-- Task statement --
Copy the records below exactly, omitting any pictures they contain.
***** Data to use
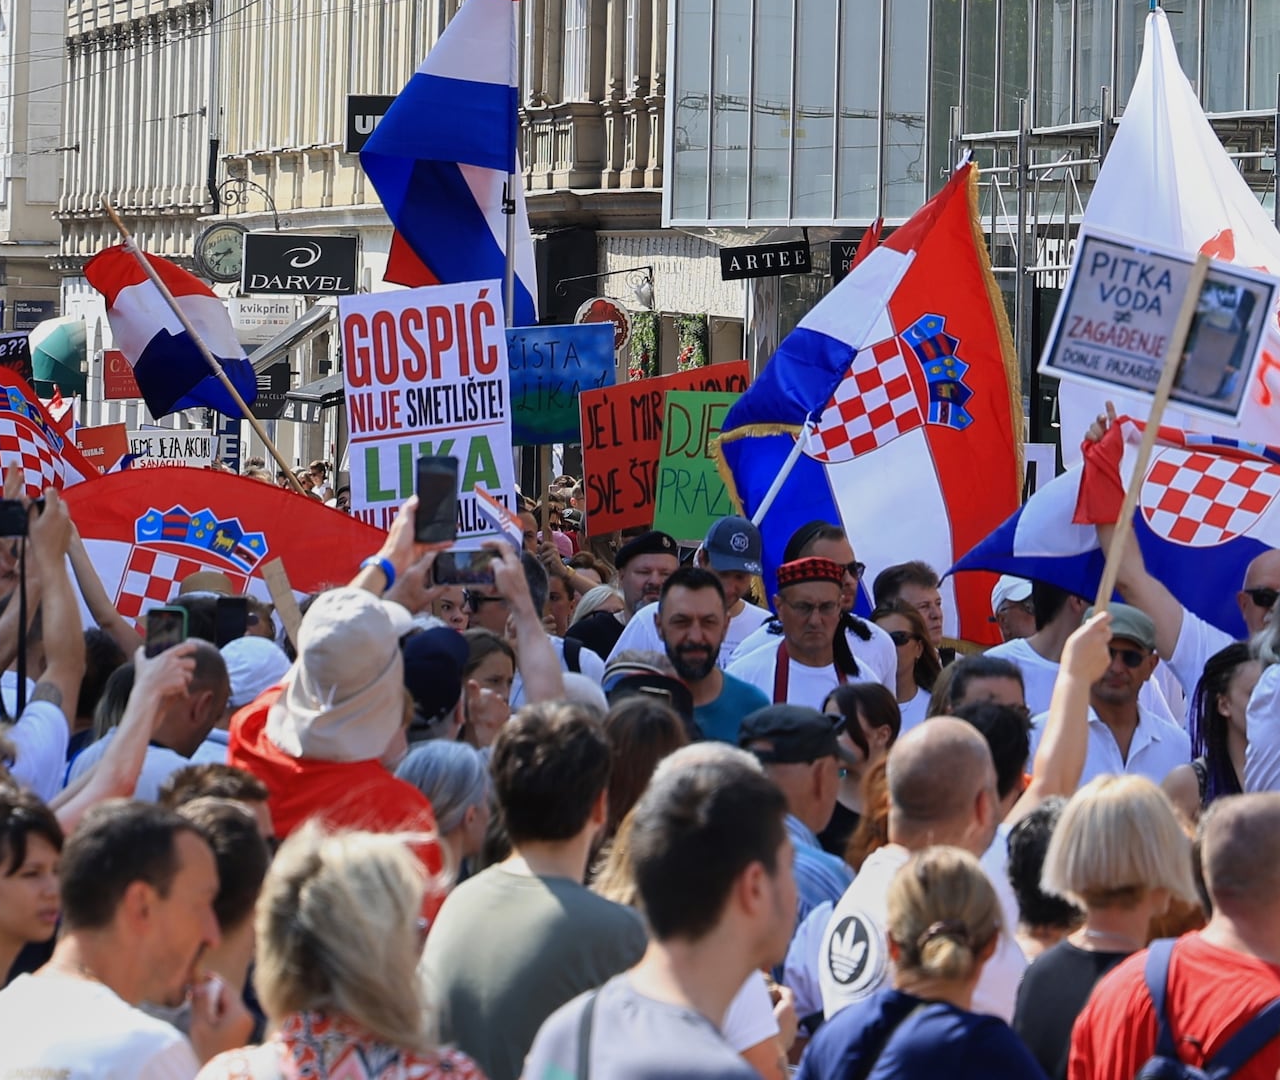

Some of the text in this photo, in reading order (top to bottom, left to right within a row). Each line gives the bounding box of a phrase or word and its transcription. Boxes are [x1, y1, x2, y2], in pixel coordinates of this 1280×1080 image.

[354, 115, 384, 134] U
[729, 249, 806, 271] ARTEE
[841, 246, 857, 257] VA
[250, 274, 350, 292] DARVEL
[1090, 251, 1173, 295] PITKA
[240, 303, 290, 315] kvikprint
[1099, 283, 1163, 317] VODA
[344, 288, 499, 389] GOSPIĆ
[1062, 349, 1163, 383] DONJE PAZARIŠT
[350, 376, 505, 434] NIJE SMETLIŠTE!
[630, 390, 663, 442] MIR
[169, 437, 183, 458] ZA
[665, 402, 730, 460] DJE
[588, 468, 624, 517] SVE
**********
-- Solution to this problem --
Some of the text in this photo, in reading order (top to bottom, left to right within a row). Each line gives the bounding box of a phrase or word and its transcription. Boxes are [x1, y1, x2, y2], in pixel coordinates of this 1280×1080 image.

[354, 115, 384, 134] U
[729, 249, 806, 271] ARTEE
[841, 246, 857, 257] VA
[250, 274, 350, 292] DARVEL
[1090, 251, 1173, 295] PITKA
[240, 303, 290, 315] kvikprint
[1099, 283, 1163, 317] VODA
[344, 288, 499, 389] GOSPIĆ
[1062, 349, 1163, 383] DONJE PAZARIŠT
[350, 376, 505, 434] NIJE SMETLIŠTE!
[630, 390, 663, 442] MIR
[169, 437, 183, 458] ZA
[665, 402, 730, 460] DJE
[588, 468, 624, 517] SVE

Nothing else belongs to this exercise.